Task input Start Marker
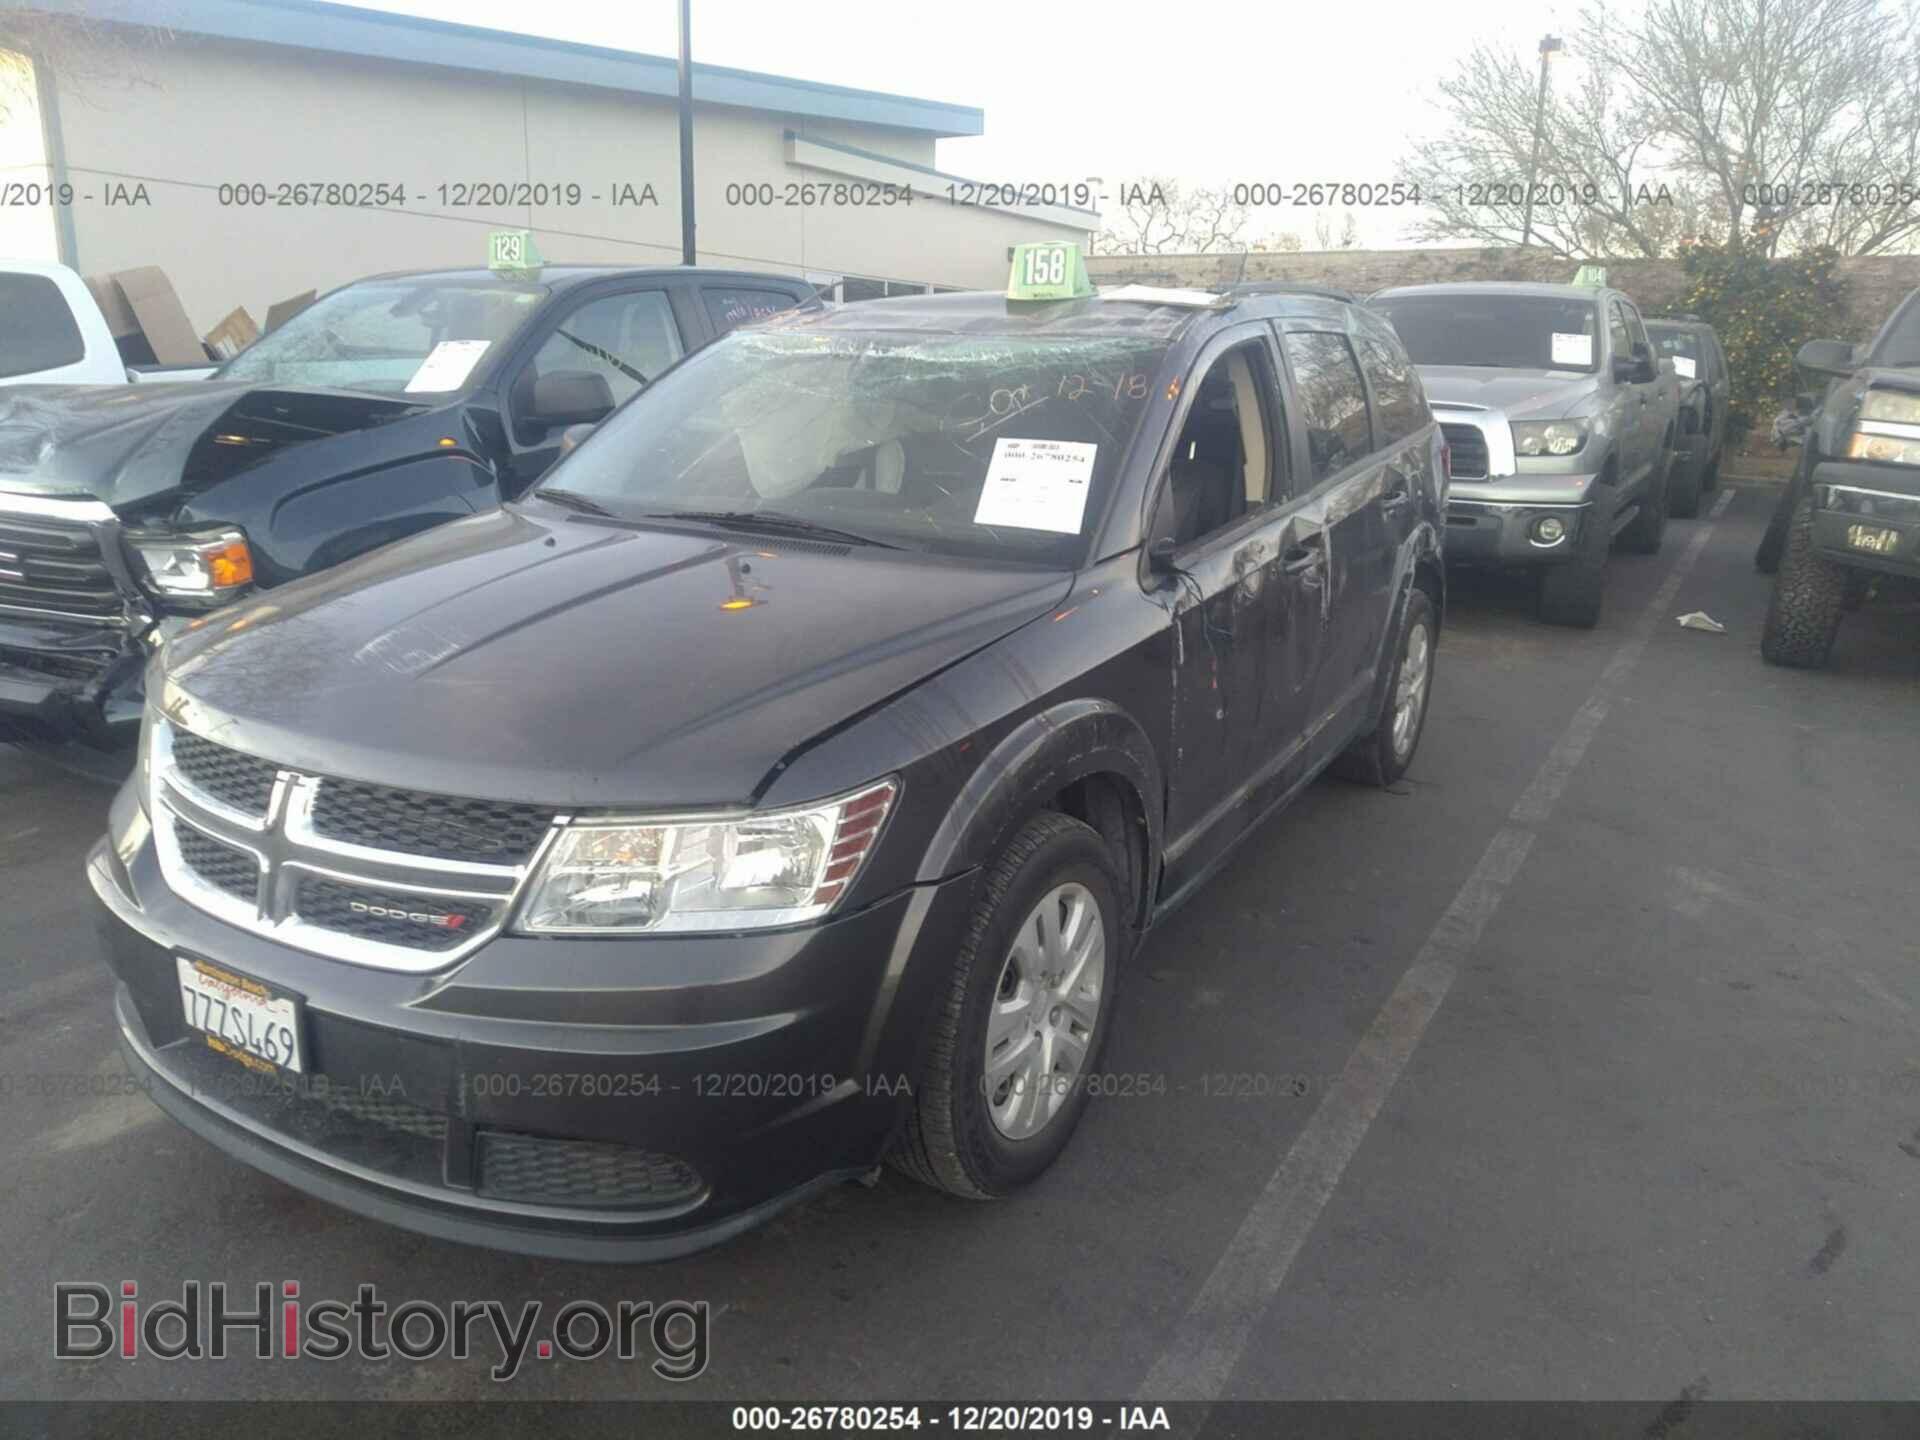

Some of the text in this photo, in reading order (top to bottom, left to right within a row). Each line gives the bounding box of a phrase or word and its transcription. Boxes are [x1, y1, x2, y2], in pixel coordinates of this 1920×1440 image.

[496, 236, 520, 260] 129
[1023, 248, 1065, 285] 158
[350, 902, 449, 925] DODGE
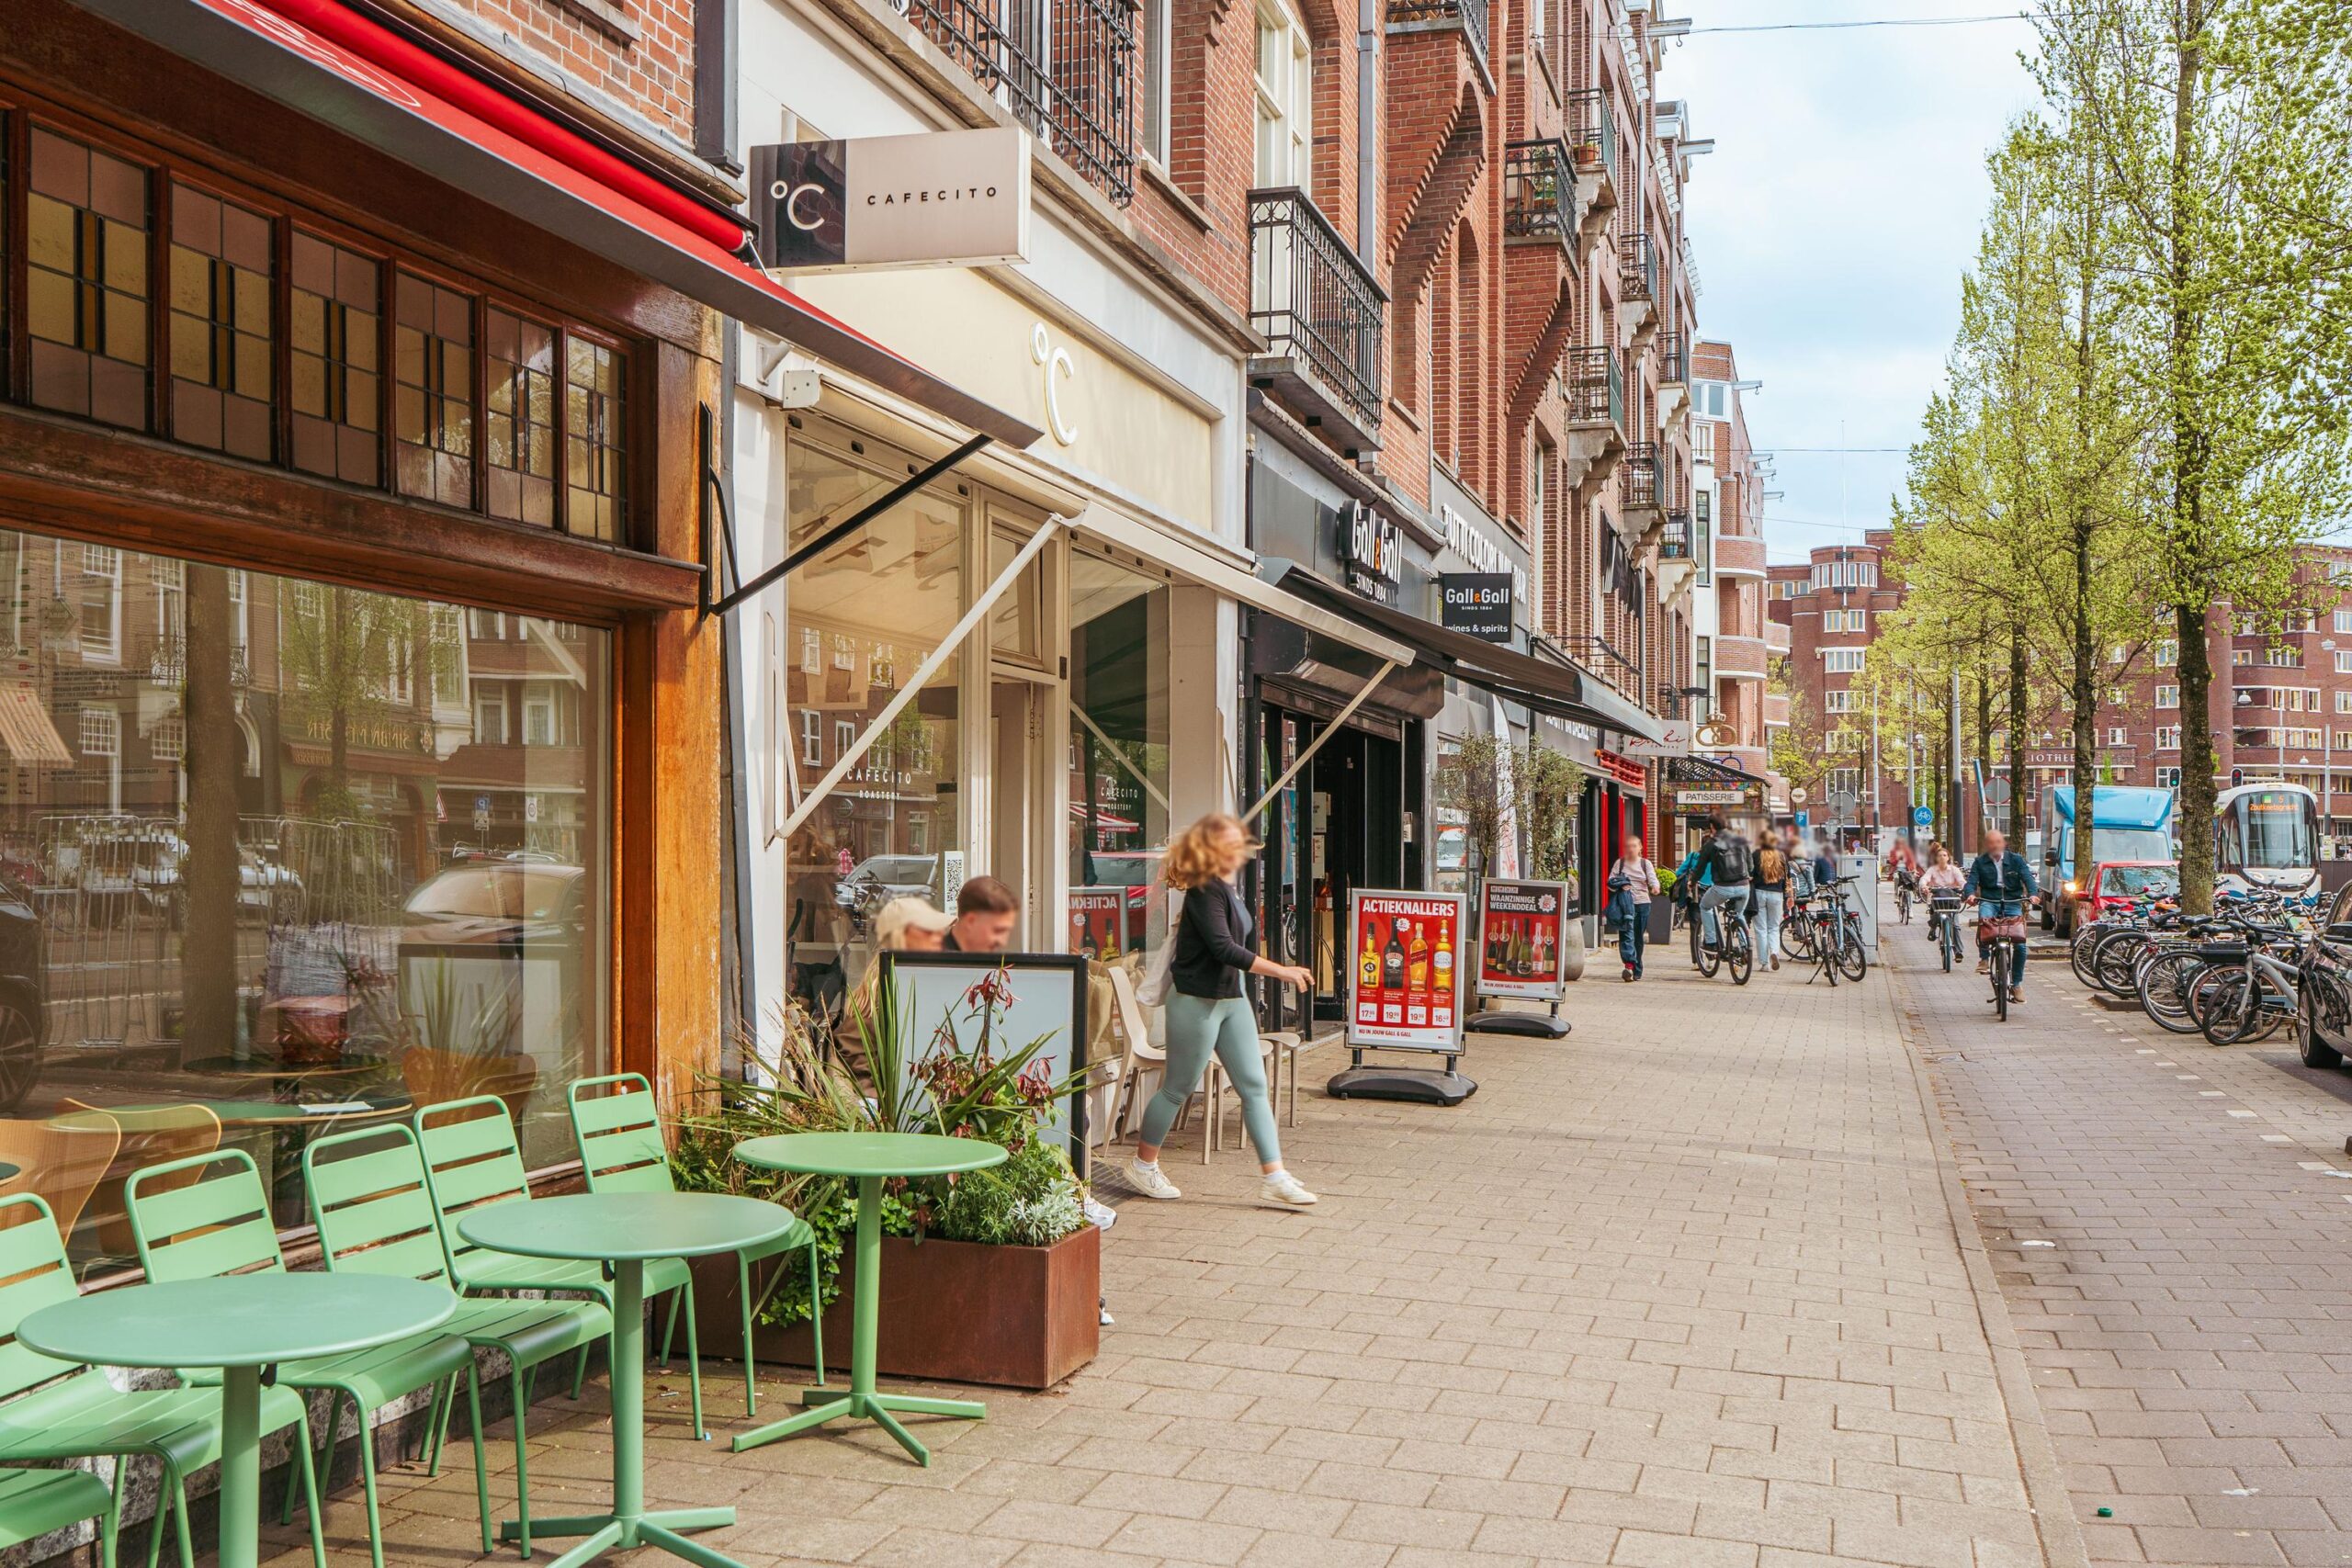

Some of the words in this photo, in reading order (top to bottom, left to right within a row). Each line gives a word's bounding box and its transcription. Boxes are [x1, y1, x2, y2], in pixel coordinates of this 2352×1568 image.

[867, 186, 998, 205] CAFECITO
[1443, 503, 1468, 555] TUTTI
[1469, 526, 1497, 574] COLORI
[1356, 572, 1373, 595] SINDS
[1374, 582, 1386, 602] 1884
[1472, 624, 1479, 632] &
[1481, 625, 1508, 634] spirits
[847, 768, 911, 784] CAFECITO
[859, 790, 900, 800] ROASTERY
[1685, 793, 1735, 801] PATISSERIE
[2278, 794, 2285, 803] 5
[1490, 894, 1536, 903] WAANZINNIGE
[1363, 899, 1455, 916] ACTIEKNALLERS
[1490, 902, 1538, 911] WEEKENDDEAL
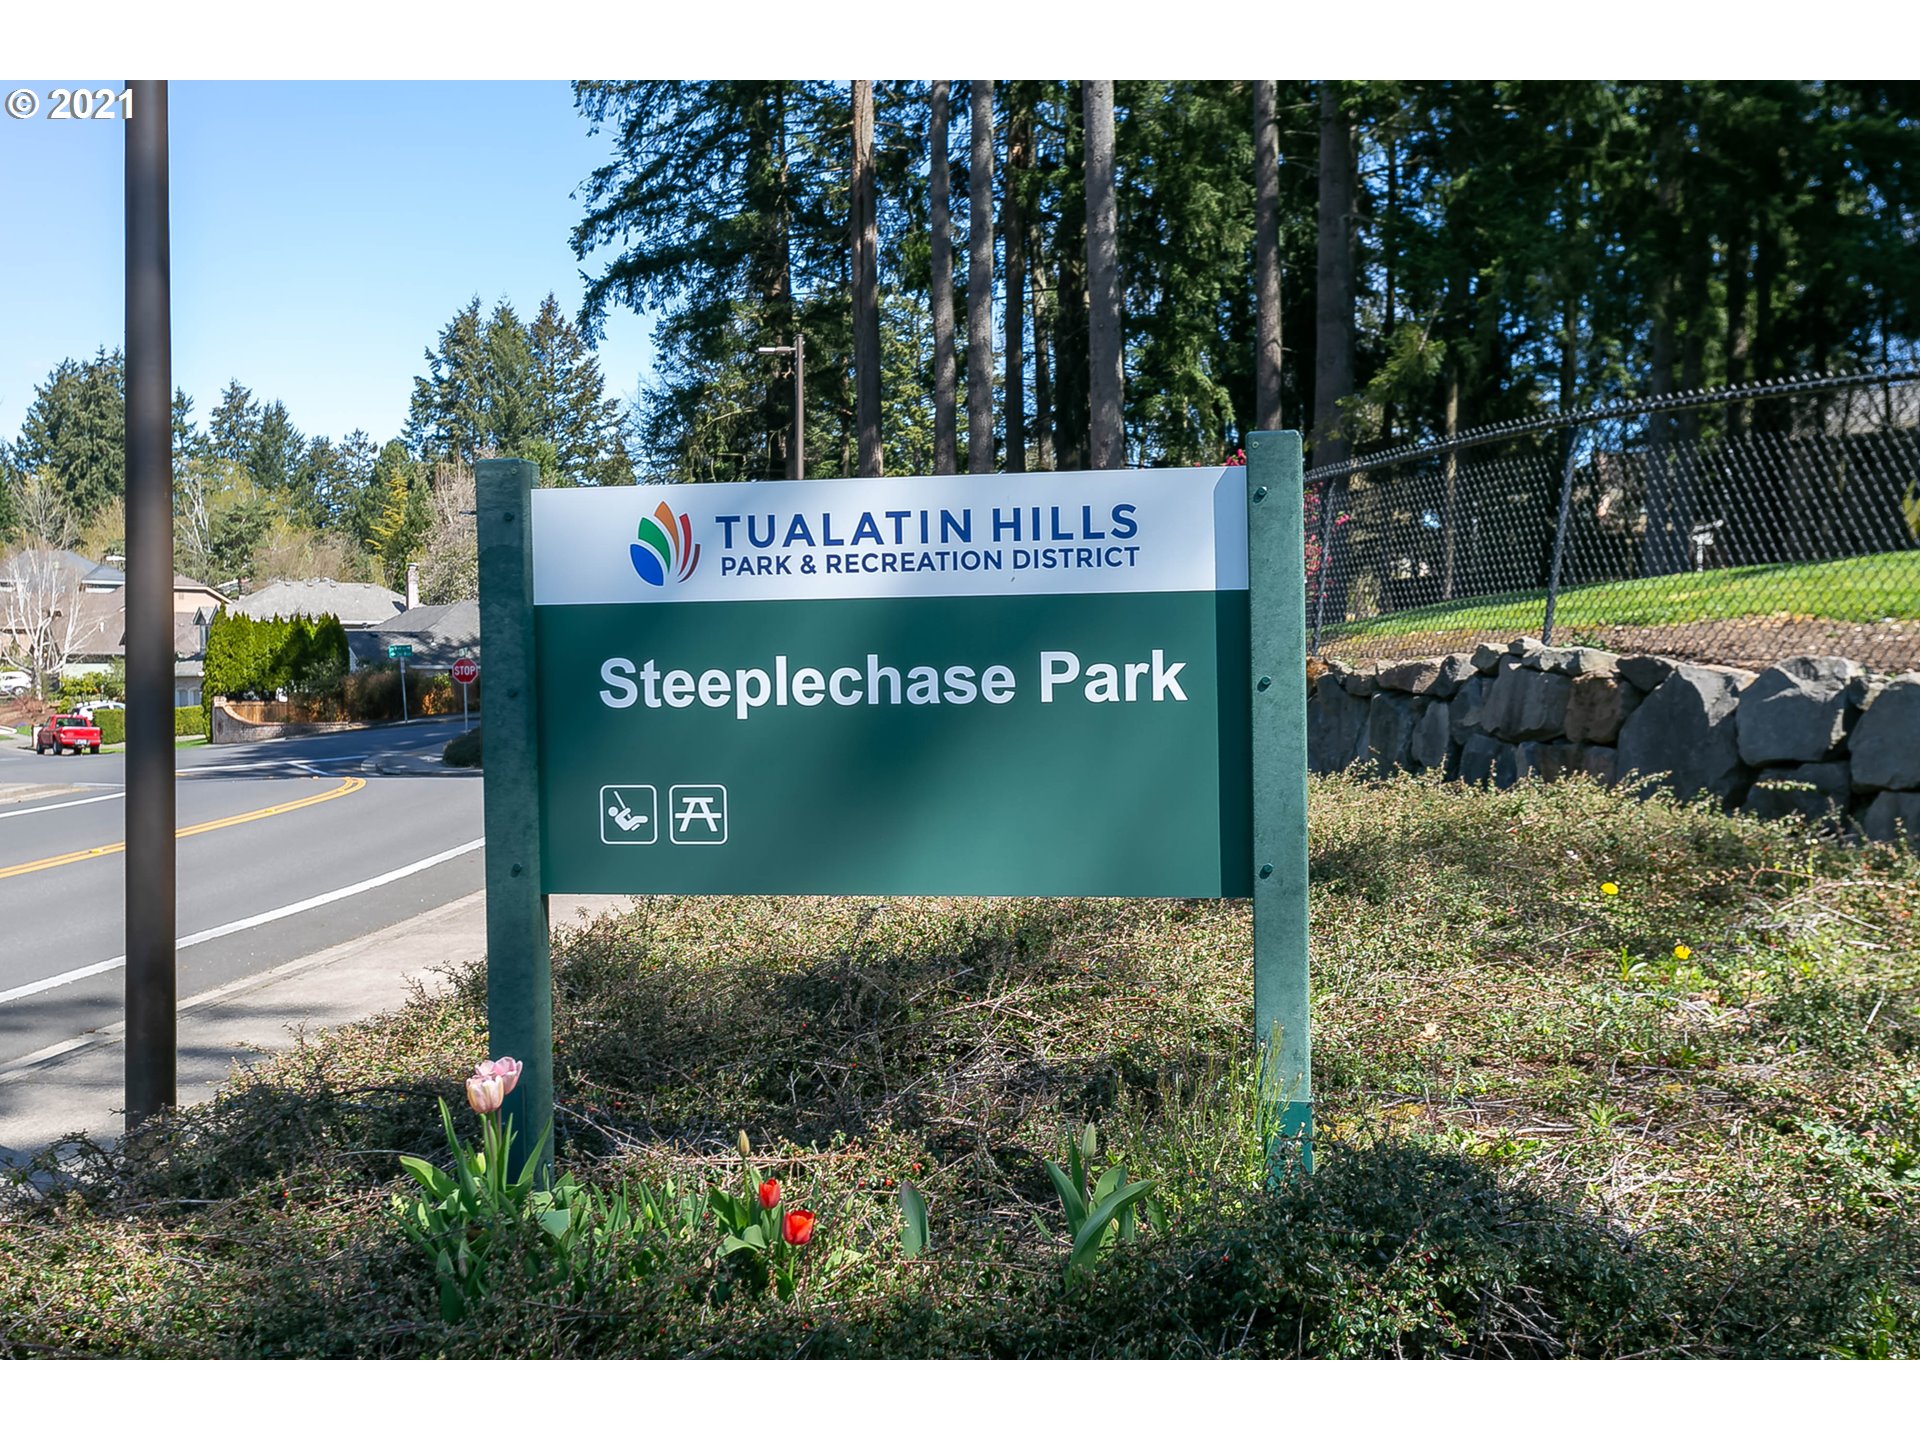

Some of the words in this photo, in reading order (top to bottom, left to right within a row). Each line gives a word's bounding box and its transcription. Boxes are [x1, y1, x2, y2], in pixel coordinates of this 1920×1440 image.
Task input End Marker
#### Work to be completed:
Reproduce all of the entries word for word, skipping any pictures they hold.

#### Solved exercise:
Some of the text in this photo, in reading order (top to bottom, left to right within a row). Each line gives the bounding box of a phrase or word and its transcription. Boxes are [x1, y1, x2, y2], in pixel coordinates of this 1920×1440 image.

[496, 236, 520, 260] 129
[1023, 248, 1065, 285] 158
[350, 902, 449, 925] DODGE

Some of the words in this photo, in reading order (top to bottom, left to right within a row). Each line gives a word's bounding box and its transcription. Boxes are [x1, y1, x2, y2], in pixel coordinates of this 2352×1568 image.

[867, 186, 998, 205] CAFECITO
[1443, 503, 1468, 555] TUTTI
[1469, 526, 1497, 574] COLORI
[1356, 572, 1373, 595] SINDS
[1374, 582, 1386, 602] 1884
[1472, 624, 1479, 632] &
[1481, 625, 1508, 634] spirits
[847, 768, 911, 784] CAFECITO
[859, 790, 900, 800] ROASTERY
[1685, 793, 1735, 801] PATISSERIE
[2278, 794, 2285, 803] 5
[1490, 894, 1536, 903] WAANZINNIGE
[1363, 899, 1455, 916] ACTIEKNALLERS
[1490, 902, 1538, 911] WEEKENDDEAL

Some of the words in this photo, in reading order (top to bottom, left to right within a row). Each line gives a word's bounding box and its transcription. Boxes are [x1, y1, x2, y2], in pixel coordinates of this 1920×1440 image.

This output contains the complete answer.